In Moos haben Wissenschaftler eine chemische Verbindung entdeckt, die Schnecken abschreckt und sich als biologische Alternative zum giftigen „Schneckenkorn“ eignen würde. Die jetzt erstmals identifzierte Substanz erwies ihre Wirksamkeit auch dann noch, wenn sie in hoher Verdünnung auf Salat, eine „Leibspeise“ von Schnecken, aufgetragen wurde.
Schnecken sind die Feinde eines jeden Gärtners: Was er in mühevoller Arbeit gesät und gepflegt hat, können sie über Nacht zunichte machen. Allerdings scheinen den Schnecken nicht alle Pflanzen gleichermaßen zu schmecken: Denn Moose meiden sie. Warum ist das so? Dieser Frage ging bereits Ende des 19. Jahrhunderts der Botaniker und Begründer der Chemischen Ökologie Ernst Stahl in Jena nach. Mehr als ein Jahrhundert später haben Chemiker der Friedrich-Schiller- Universität Jena nun
eine mögliche Antwort darauf gefunden.
„Moose sind in der Lage, chemische Verbindungen aufzubauen, die sie vor Fressfeinden schützen“, nennt Professor Georg Pohnert von der Uni Jena eine Erkenntnis, die bereits Ernst Stahl aus seinen Versuchen gewonnen hatte. Dem Inhaber des Lehrstuhls für Instrumentelle Analytik und seinem Team ist es nun aber erstmals gelungen, diese Verbindungen zu identifizieren und ihre fraßhemmende Wirkung eindeutig zu belegen. Ihre Forschungsergebnisse haben die Chemiker um Pohnert in der aktuellen Ausgabe der Fachzeitschrift „Angewandte Chemie“ veröffentlicht
Oxylipine bei Verwundung freigesetzt
Was den Schnecken den Appetit auf Moose verdirbt, sind sogenannte Oxylipine. „Dabei handelt es sich um Verbindungen, die aus der oxidativen Umsetzung von ungesättigten Fettsäuren hervorgehen, wenn das Moos verwundet wird“, erläutert Pohnert. Die Jenaer Chemiker haben das Moos Dicranum scoparium untersucht, das auch als Gewöhnliches Gabelzahnmoos oder Besenmoos bezeichnet
wird und in beinahe allen europäischen Wäldern vorkommt. Dabei fanden sie zahlreiche bis dato unbekannte Verbindungen, darunter neue, sehr ungewöhnliche Oxylipine.
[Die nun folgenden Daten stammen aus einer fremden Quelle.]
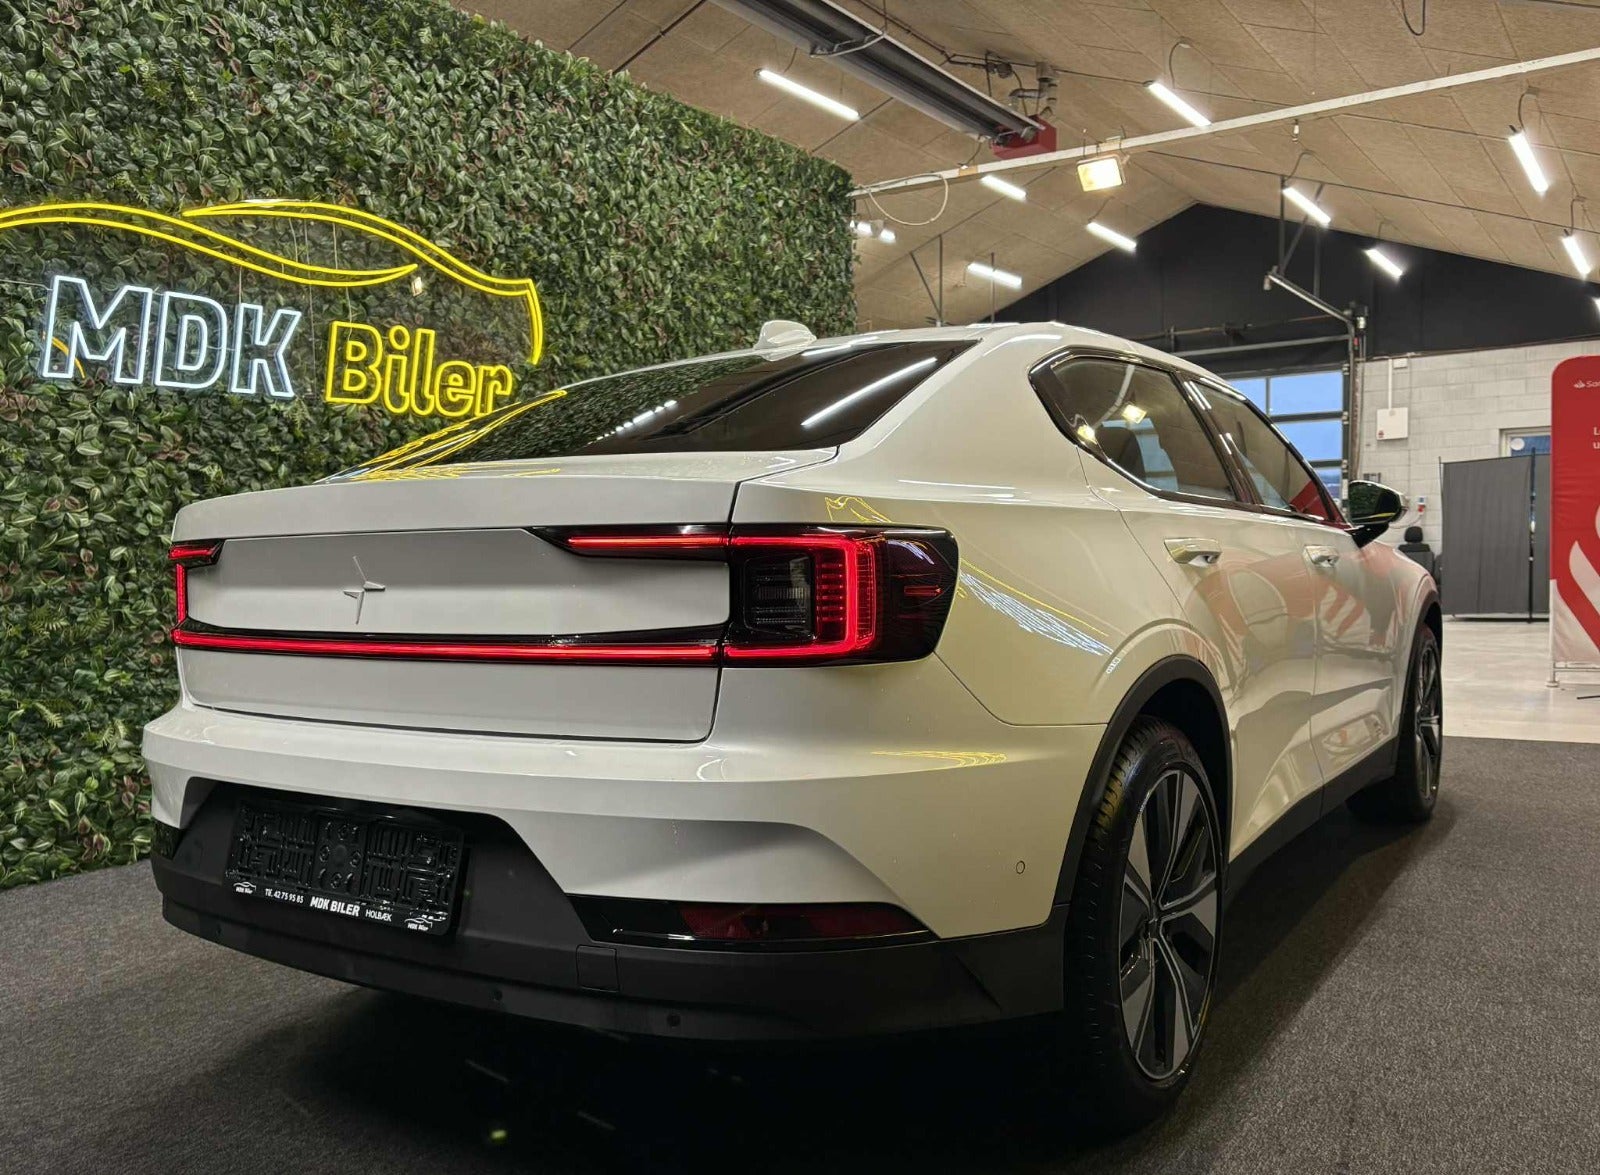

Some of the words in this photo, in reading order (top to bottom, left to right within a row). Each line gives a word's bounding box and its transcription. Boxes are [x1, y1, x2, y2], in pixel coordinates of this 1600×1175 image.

[41, 273, 302, 399] MDK
[324, 320, 513, 418] Biler
[310, 896, 331, 911] MDK
[329, 899, 360, 917] BILER
[365, 909, 392, 922] HOLBÆK
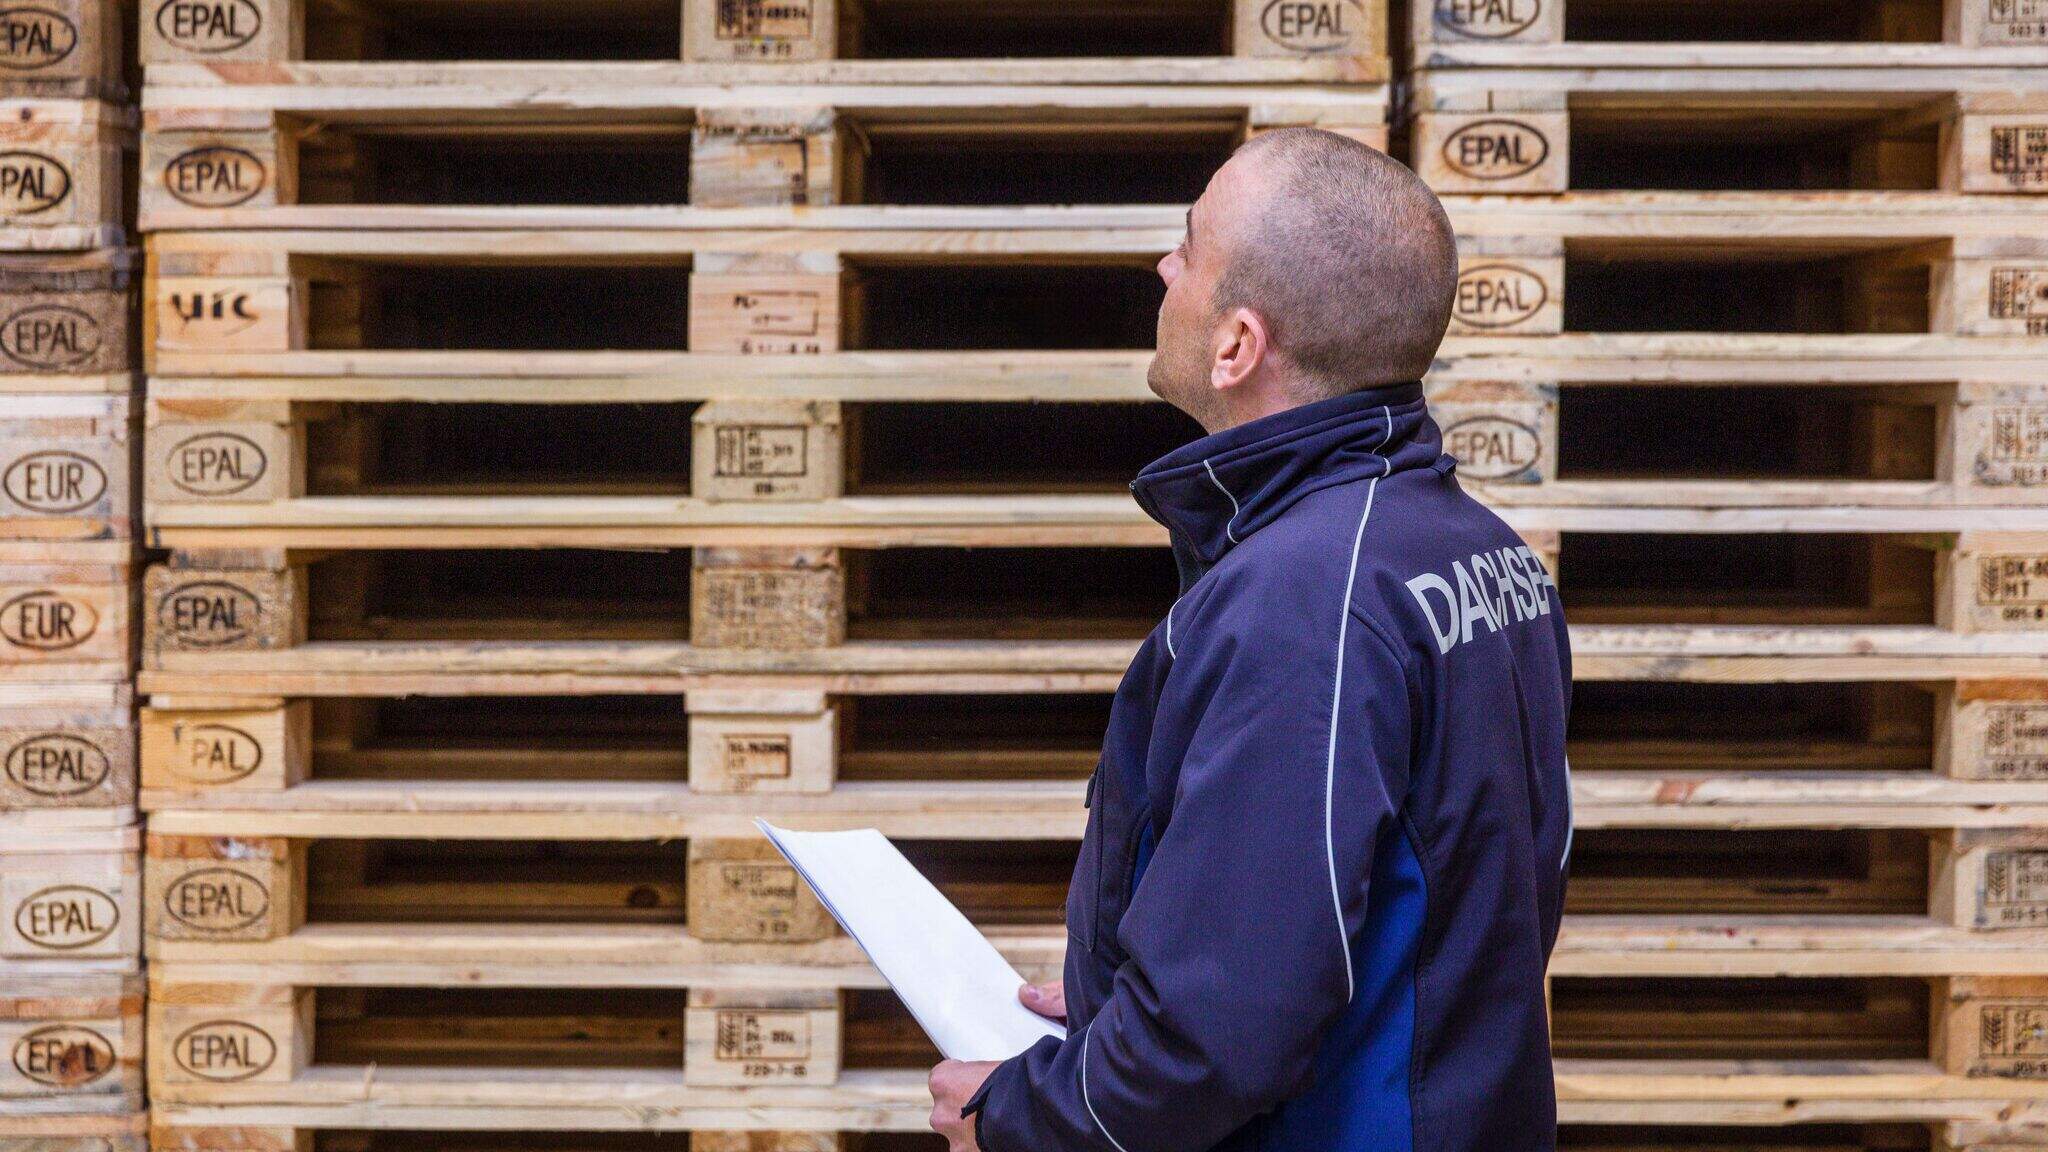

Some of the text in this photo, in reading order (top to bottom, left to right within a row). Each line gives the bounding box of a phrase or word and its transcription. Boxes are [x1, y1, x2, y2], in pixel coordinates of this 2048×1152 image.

[174, 4, 246, 38] EPAL
[1278, 2, 1349, 37] EPAL
[1459, 135, 1529, 166] EPAL
[177, 169, 249, 194] EPAL
[1459, 280, 1530, 314] EPAL
[15, 321, 86, 352] EPAL
[181, 447, 252, 483] EPAL
[1452, 432, 1524, 466] EPAL
[25, 462, 84, 501] EUR
[20, 602, 76, 640] EUR
[173, 597, 241, 631] EPAL
[23, 749, 94, 784] EPAL
[180, 883, 253, 918] EPAL
[29, 901, 103, 936] EPAL
[188, 1034, 259, 1068] EPAL
„Motiviert durch die Beobachtung, dass in anderen Organismen Oxylipine oft direkt als Verteidigungsmetaboliten fungieren oder an der Regulation von Verteidigungsreaktionen beteiligt sind, haben wir die Wirkung dieser Verbindungen in der Moospflanze genauer untersucht“, so Pohnert, der sich mit seiner Forschungsgruppe bislang auf die chemischen Verteidigungsstrategien von marinen Organismen konzentriert hat.
Schnekcen verschmähen behandelten Salat
Um die mögliche fraßhemmende Wirkung der Oxylipine nachzuweisen, holten sich die Jenaer Forscher ausgewiesene „Experten“ mit ins Boot: Sie „engagierten“ Spanische Wegschnecken, denen sie zwei Salatblätter zum Fraß anboten. Das eine war mit Oxylipinen, die aus dem Moos extrahiert worden waren, behandelt – das andere Salatblatt war nur mit dem Lösungsmittel Methanol besprüht. „Die Wahl der Schnecken fiel fast ausschließlich auf die Blätter, die keine Oxylipine enthielten, selbst wenn wir die Substanzen in Vergleich zu den Konzentrationen im Moos 1.000fach verdünnen“, berichtet Martin Rempt, Doktorand in Pohnerts Team.
Alternative zum „Schneckenkorn“
Diese Erkenntnisse ließen sich nach Ansicht der Forscher künftig nutzen, um einen natürlichen Fraßschutz gegen Schnecken und andere Schädlinge zu entwickeln. Damit wäre eine ökologische Alternative zum sogenannten „Schneckenkorn“ gefunden, das oftmals eine Gefahr für Vögel und andere Fraßfeinde der Schnecken, aber auch für die eigenen Haustiere darstellt. Die Untersuchungen sollen zukünftig auch auf weitere Moosarten ausgeweitet werden.